A goal for EM Pulse is to destigmatize issues like drug addiction to prevent discrimination in the emergency room. It’s important to humanize and ensure that each patient receives the full care they need — physically and mentally.

“In the ER, I think physicians still have a lot to learn in terms of how to make their patient feel comfortable,” Medeiros said. “There are a lot of challenges out there, and drug addiction is a huge one. There’s a lot of stigma on drug use, even though we know that addiction has a biochemical basis. People assume that [addicts] get into drug use because they are weak or bad people, and that they can get out of it if they wanted to. I mean, that’s assumed about a lot of things. Like for obesity, it’s assumed if you tried a little harder you could lose the weight. All of these things are so multifactorial, and there are bigger things than just the medical side.”

While EM Pulse exists to teach emergency physicians and medical providers, it’s something that everybody can listen to. One reviewer said that the podcast is “great for people and for people that just plain like to learn.”

“Our target is people in the medical community, but we would love everybody to listen to it — anybody that just wants to learn or hear a different aspect of medicine,” Magaña said. “Because our goal is to effect change and help disperse medical evidence.”

The podcast can also prepare pre-med students to enter their careers with a new perspective in modern medicine.

“We’re not just trying to reach out to emergency physicians, but future ones as well,” Medeiros said. “I think that there’s a lot to learn at the pre-med level and for pre-med students. I wish there had been more of this stuff when I was in pre-med.”

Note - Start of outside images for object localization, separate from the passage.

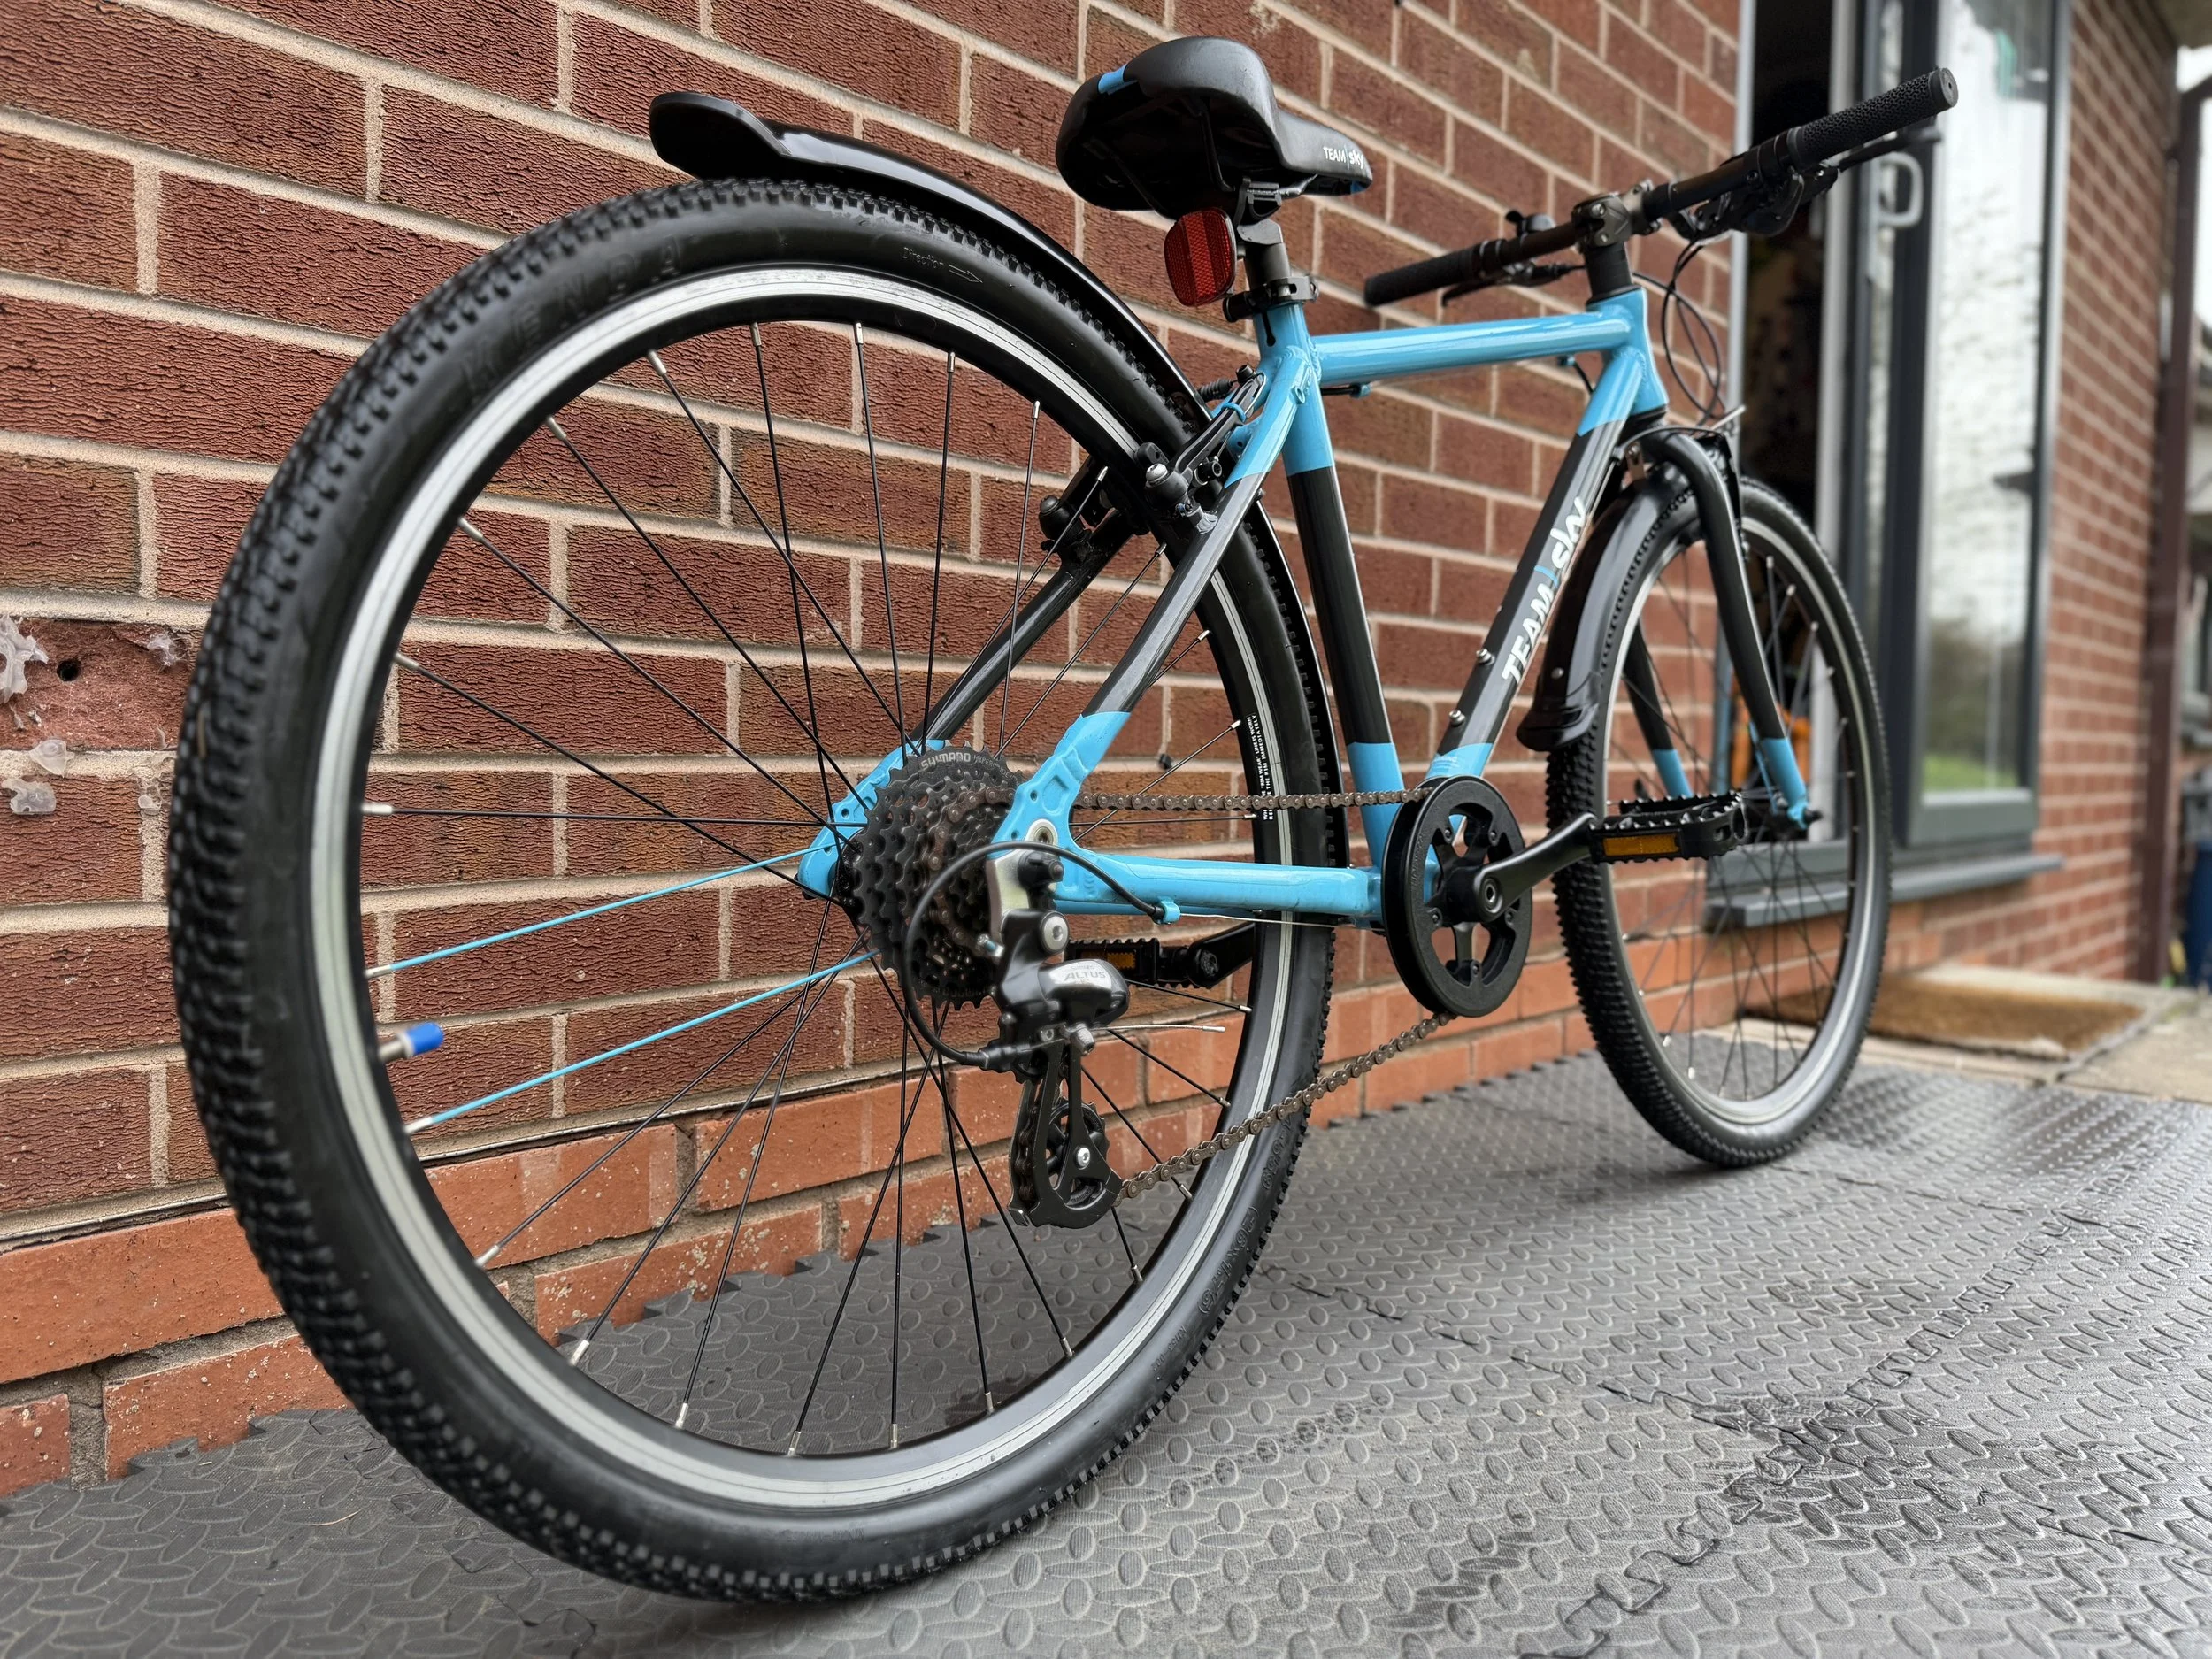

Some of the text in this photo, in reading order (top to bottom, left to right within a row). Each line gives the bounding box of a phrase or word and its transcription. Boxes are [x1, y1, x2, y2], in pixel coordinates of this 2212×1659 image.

[1323, 146, 1363, 169] TEAM sky
[901, 247, 945, 269] Direction
[1502, 496, 1586, 684] TEAM sky
[1251, 715, 1266, 760] IMMEDIATELY
[921, 752, 971, 770] SHIMANO
[1064, 971, 1106, 981] ALTUS

EM Pulse operates as a team: medical physicians, guest speakers, researchers and Julia Magaña’s husband, Orlando Magaña, an audio engineer who helps produce the podcast.

“I help filter through their ideas so they don’t stray far from the message they’re trying to convey,” said Orlanda. “I’m not technically trained in medicine, so there are some things I don’t understand from a technical standpoint. […] For me, it’s a matter of making sure that they stay on track with those things, not just with the research, but when we’re actually recording. I think the other thing is making sure that technically we’re operating at a very high level. When someone chooses to download your podcast, the least you can do is offer them something that sounds good.”

All in all, EM Pulse is here to make a difference, both in medicine and in underrepresented communities.

“You can’t make change until you know there’s a problem out there,” Julia said.